§ Try it:
Repeat the listing exactly, minus the pictures.

+++

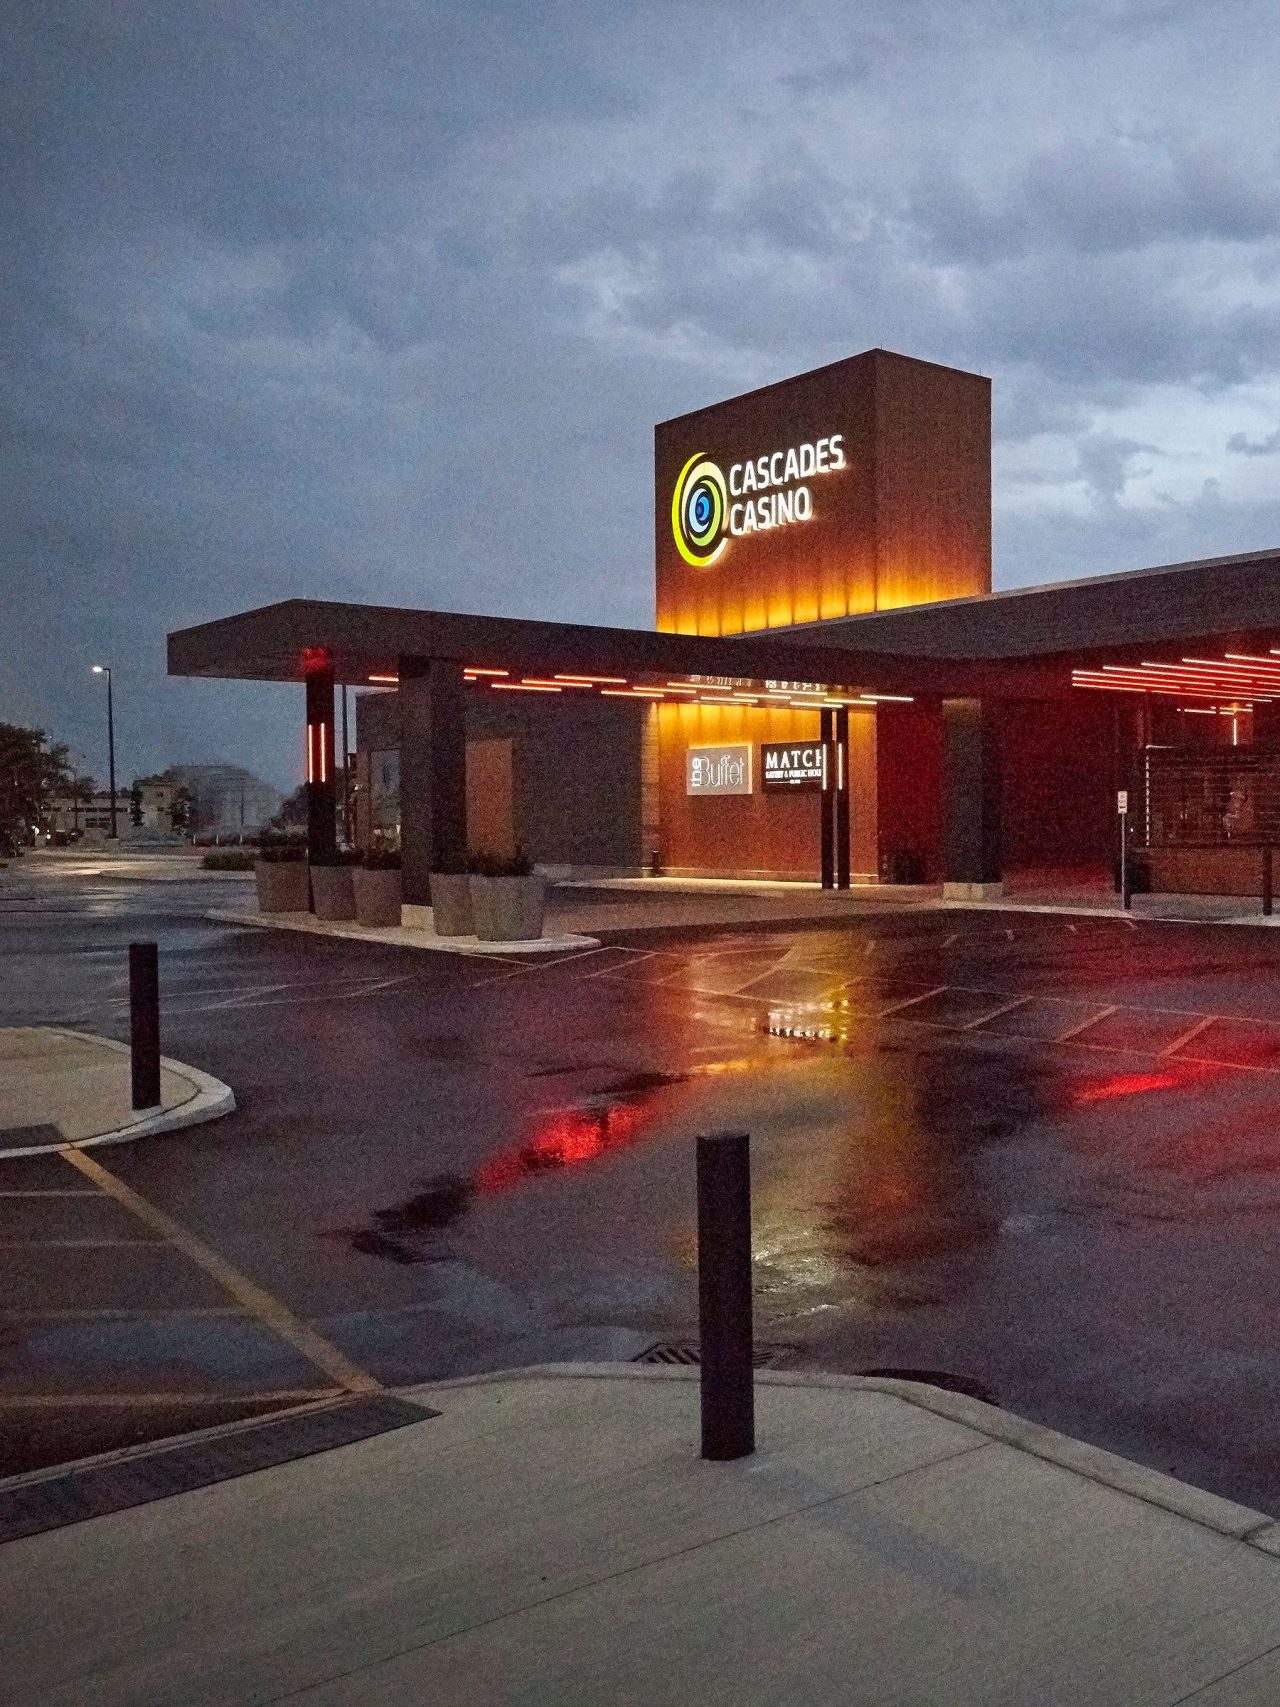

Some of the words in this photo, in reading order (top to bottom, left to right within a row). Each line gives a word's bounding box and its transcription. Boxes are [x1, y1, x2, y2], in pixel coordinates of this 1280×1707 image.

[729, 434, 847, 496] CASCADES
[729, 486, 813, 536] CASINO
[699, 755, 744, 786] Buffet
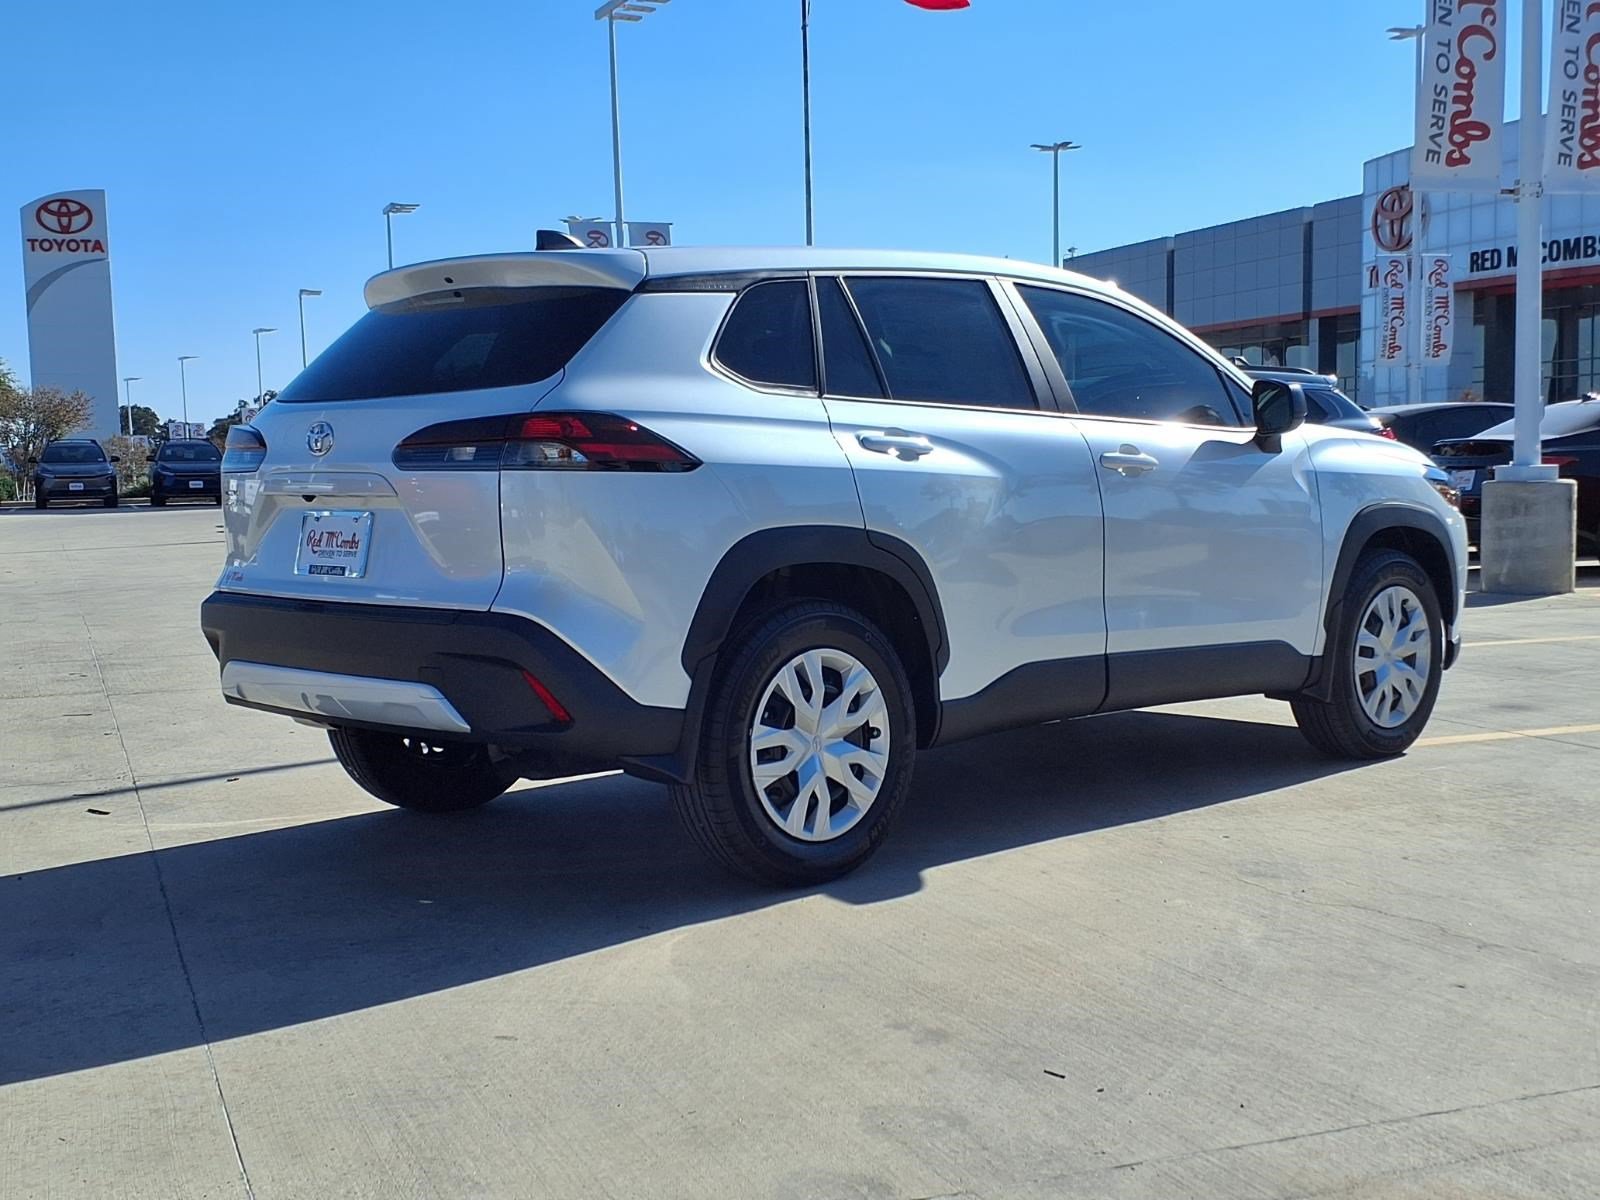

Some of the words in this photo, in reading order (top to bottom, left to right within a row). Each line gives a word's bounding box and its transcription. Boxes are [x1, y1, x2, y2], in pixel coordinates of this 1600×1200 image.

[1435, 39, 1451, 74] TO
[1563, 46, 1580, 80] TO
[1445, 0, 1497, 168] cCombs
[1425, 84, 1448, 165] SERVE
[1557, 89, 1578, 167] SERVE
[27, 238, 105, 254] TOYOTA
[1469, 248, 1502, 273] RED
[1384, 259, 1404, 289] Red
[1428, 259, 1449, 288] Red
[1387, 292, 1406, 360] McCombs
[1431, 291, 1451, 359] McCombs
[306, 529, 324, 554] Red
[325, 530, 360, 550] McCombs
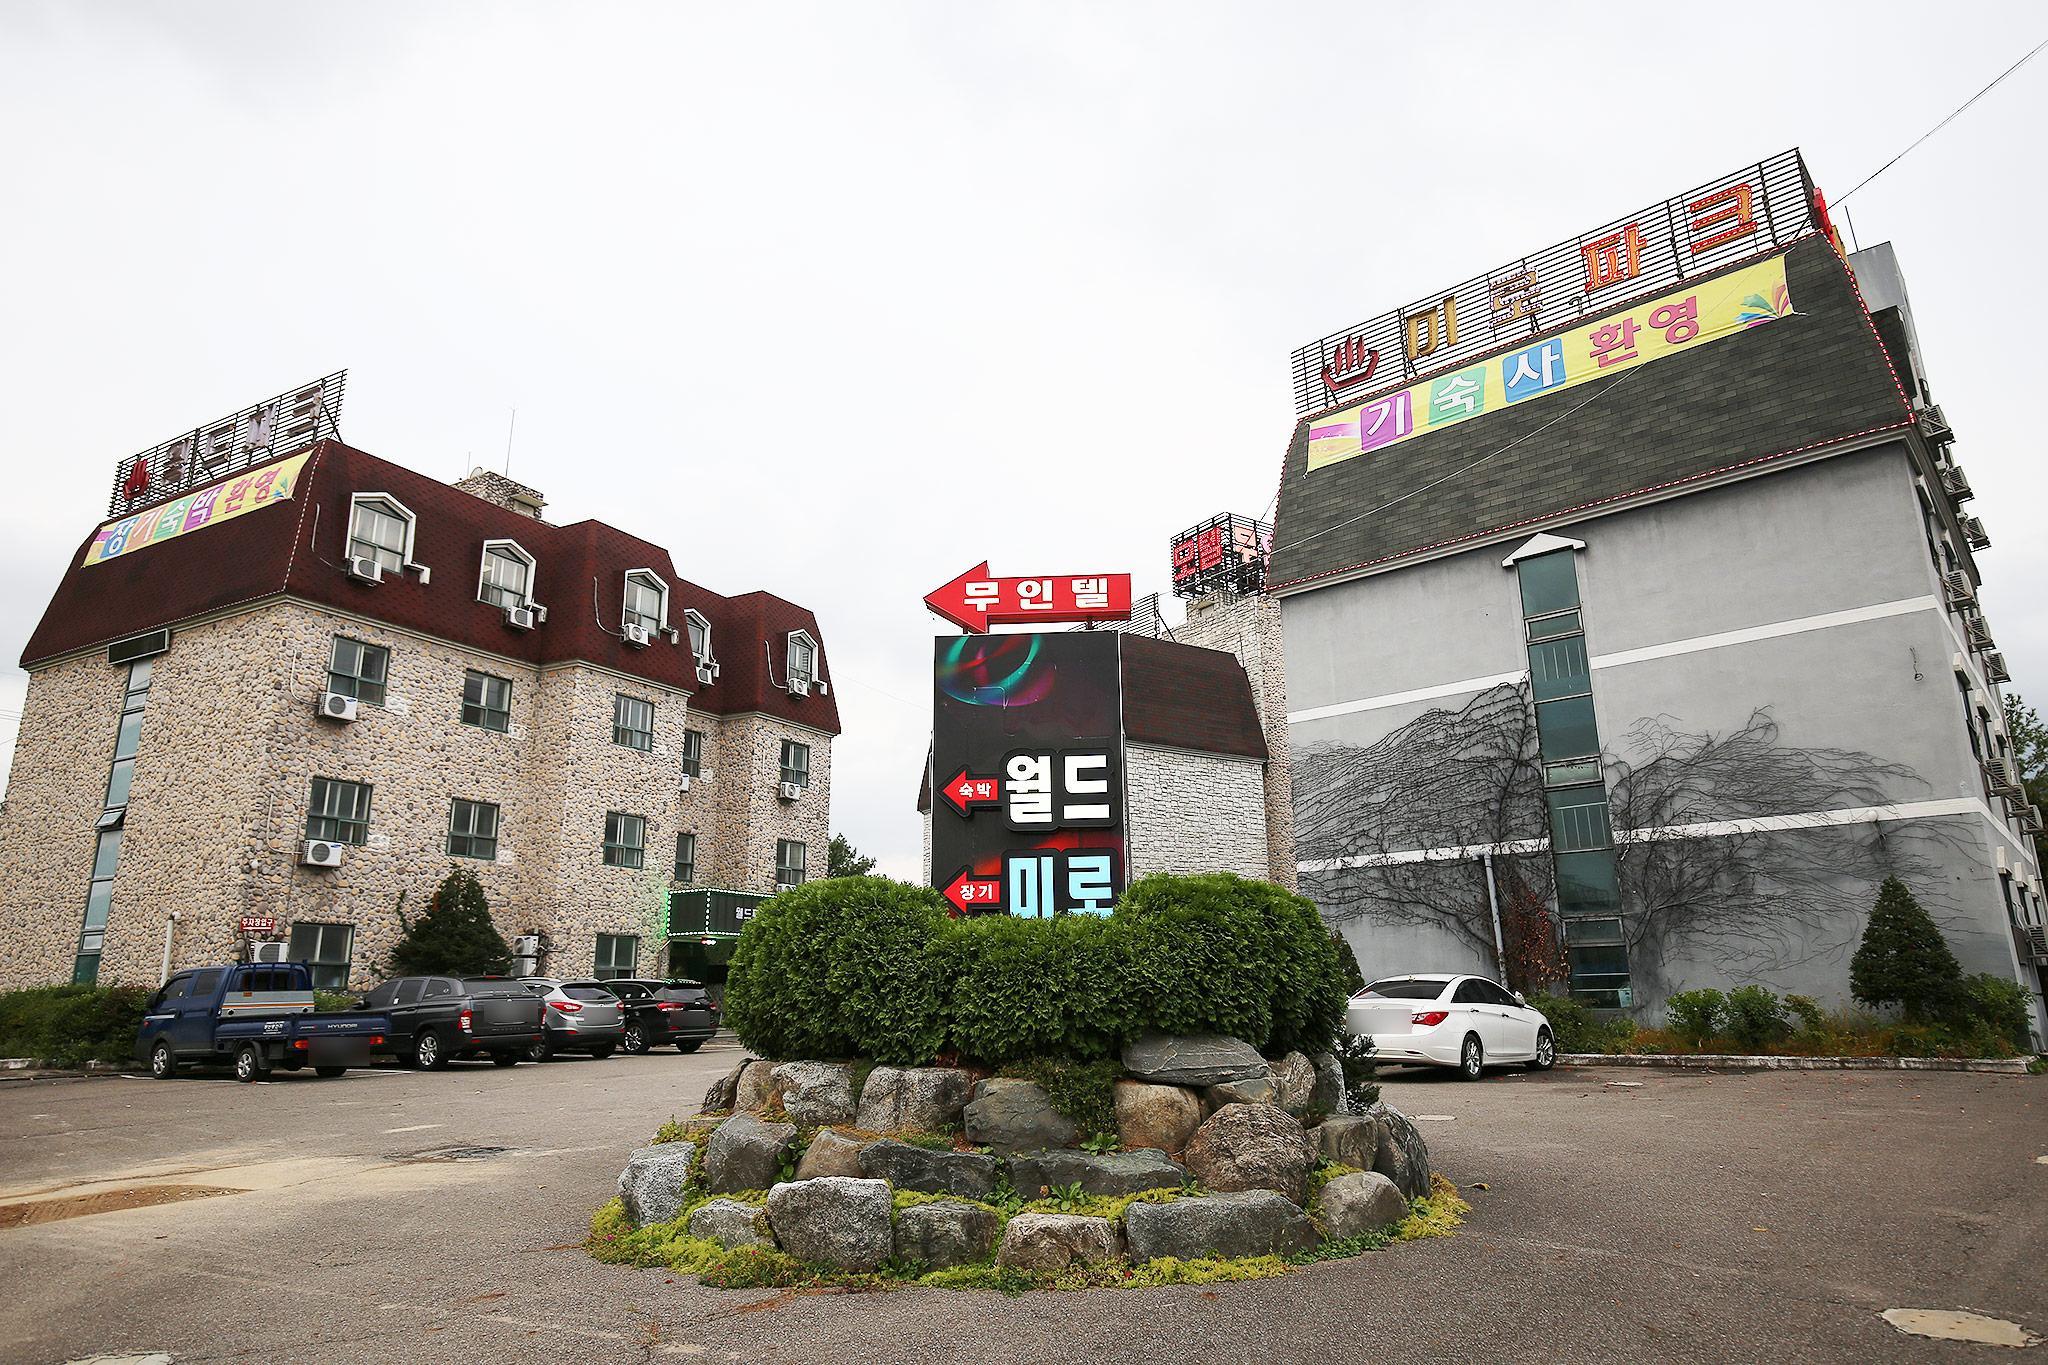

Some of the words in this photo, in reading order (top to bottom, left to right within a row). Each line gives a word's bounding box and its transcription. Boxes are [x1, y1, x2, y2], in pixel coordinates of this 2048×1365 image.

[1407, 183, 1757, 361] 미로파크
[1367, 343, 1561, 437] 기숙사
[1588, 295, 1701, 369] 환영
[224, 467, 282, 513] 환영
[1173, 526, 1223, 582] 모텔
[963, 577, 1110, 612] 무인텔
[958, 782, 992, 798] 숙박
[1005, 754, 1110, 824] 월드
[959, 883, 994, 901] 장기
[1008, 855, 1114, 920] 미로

+++

§ Response to the task:
Some of the words in this photo, in reading order (top to bottom, left to right within a row). Each line gives a word's bounding box and its transcription. Boxes are [x1, y1, x2, y2], in pixel coordinates of this 1280×1707 image.

[729, 434, 847, 496] CASCADES
[729, 486, 813, 536] CASINO
[699, 755, 744, 786] Buffet

Some of the words in this photo, in reading order (top to bottom, left to right within a row). Each line gives a word's bounding box and its transcription. Boxes are [x1, y1, x2, y2], in pixel coordinates of this 1600×1200 image.

[1435, 39, 1451, 74] TO
[1563, 46, 1580, 80] TO
[1445, 0, 1497, 168] cCombs
[1425, 84, 1448, 165] SERVE
[1557, 89, 1578, 167] SERVE
[27, 238, 105, 254] TOYOTA
[1469, 248, 1502, 273] RED
[1384, 259, 1404, 289] Red
[1428, 259, 1449, 288] Red
[1387, 292, 1406, 360] McCombs
[1431, 291, 1451, 359] McCombs
[306, 529, 324, 554] Red
[325, 530, 360, 550] McCombs

Some of the words in this photo, in reading order (top to bottom, left to right within a row). Each line gives a word's bounding box and its transcription. Boxes are [x1, y1, x2, y2], in pixel coordinates of this 2048×1365 image.

[1407, 183, 1757, 361] 미로파크
[1367, 343, 1561, 437] 기숙사
[1588, 295, 1701, 369] 환영
[224, 467, 282, 513] 환영
[1173, 526, 1223, 582] 모텔
[963, 577, 1110, 612] 무인텔
[958, 782, 992, 798] 숙박
[1005, 754, 1110, 824] 월드
[959, 883, 994, 901] 장기
[1008, 855, 1114, 920] 미로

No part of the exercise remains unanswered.